Вселенная философа (с илл.) - Валерий Сагатовский
Шрифт:
Интервал:
Закладка:
При решении определенной задачи число признаков предмета, имеющих актуальное значение, вполне конечно, и их необходимо отчетливо осознать. Правда, не всегда это удается сделать, и нам часто приходится оперировать с «размытыми» понятиями, содержание которых мы представляем лишь приблизительно. В таких случаях нужна особая осторожность, и если, натолкнувшись на островок неизвестности, не удается выработать некоторой интуитивной общей платформы, то лучше вообще прекратить спор до получения необходимой дополнительной информации.
А как быть с субъективной многозначностью любого слова, с индивидуальностью вызываемых им образов и ассоциаций? Здесь свои коррекции вносит практика.

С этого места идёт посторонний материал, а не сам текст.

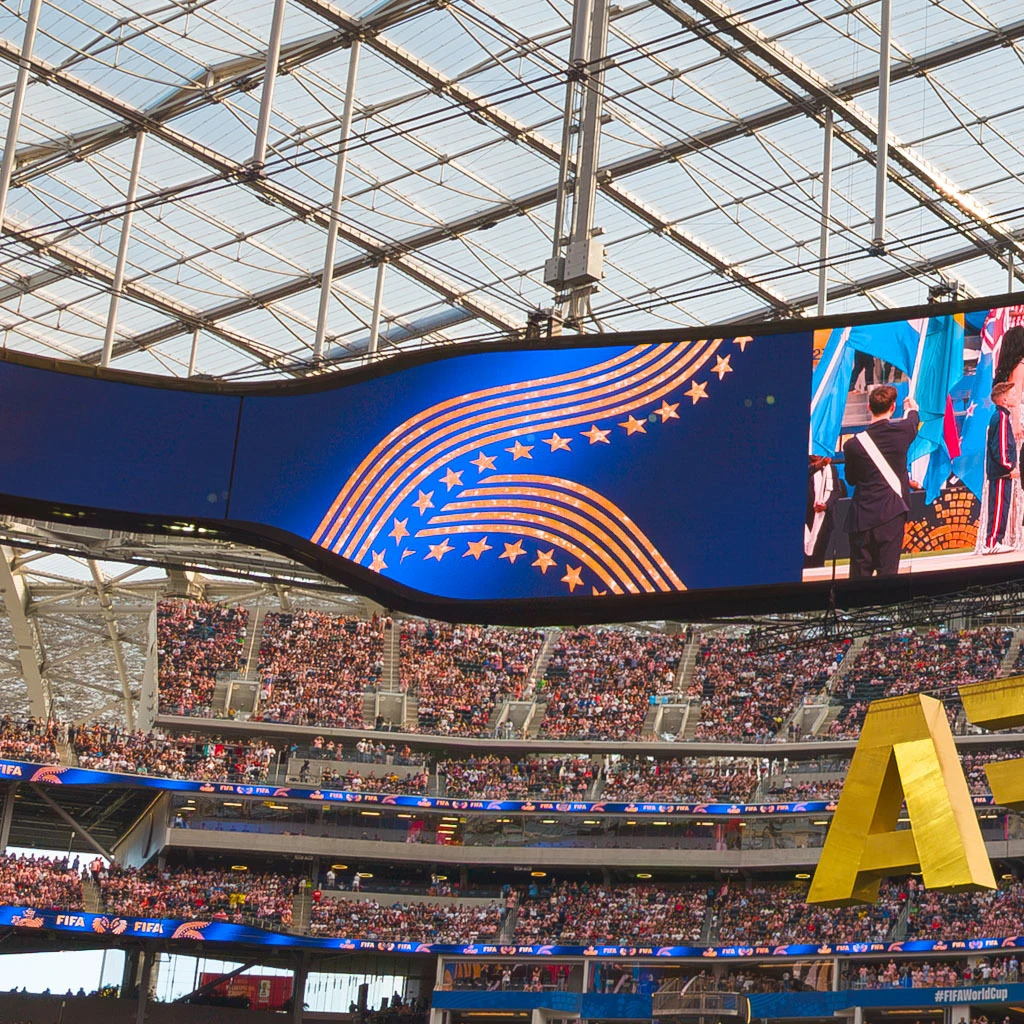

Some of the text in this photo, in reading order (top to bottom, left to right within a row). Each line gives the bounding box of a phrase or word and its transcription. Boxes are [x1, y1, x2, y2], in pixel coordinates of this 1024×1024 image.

Пусть слово «лошадь» вызывает у меня в сознании образ скакуна, а у вас — скульптуру на Аничковом мосту в Ленинграде. Но, право же, это несущественно, если у нас общая задача: запрячь эту самую лошадь. И чем больше мы сведущи в этом деле, тем больше будет и взаимопонимания в разговоре.
Специалисты понимают друг друга с полуслова, ибо общая деятельность заставляет их одинаково видеть предметы этой деятельности. Если же вы никак не можете договориться, то это верный признак того, что у вас деятельность разная, интересы разные, или вообще нет никаких конкретных интересов, кроме как продемонстрировать свою непонятость. За этой демонстрацией стоит, как правило, весьма корыстный интерес.
Наиболее яркой формой спекуляции на неопределенности является религиозный обман. Недаром патриарх Алексий утверждает:. «Когда догмат становится слишком понятным, есть все основания подозревать, что он берется не во всей его божественной глубине» (читай: теряет свою силу затуманивать мозги).
Не употребляйте эмоциональных «аргументов». Борьба взглядов в споре не должна уподобляться борьбе взглядов самцов гориллы: кто кого переглядит (высмеет, поставит в неловкое положение, скажет более «веско» и «убедительно» и т. д.). Убедительность должна подкреплять доказательность, но не заменять ее.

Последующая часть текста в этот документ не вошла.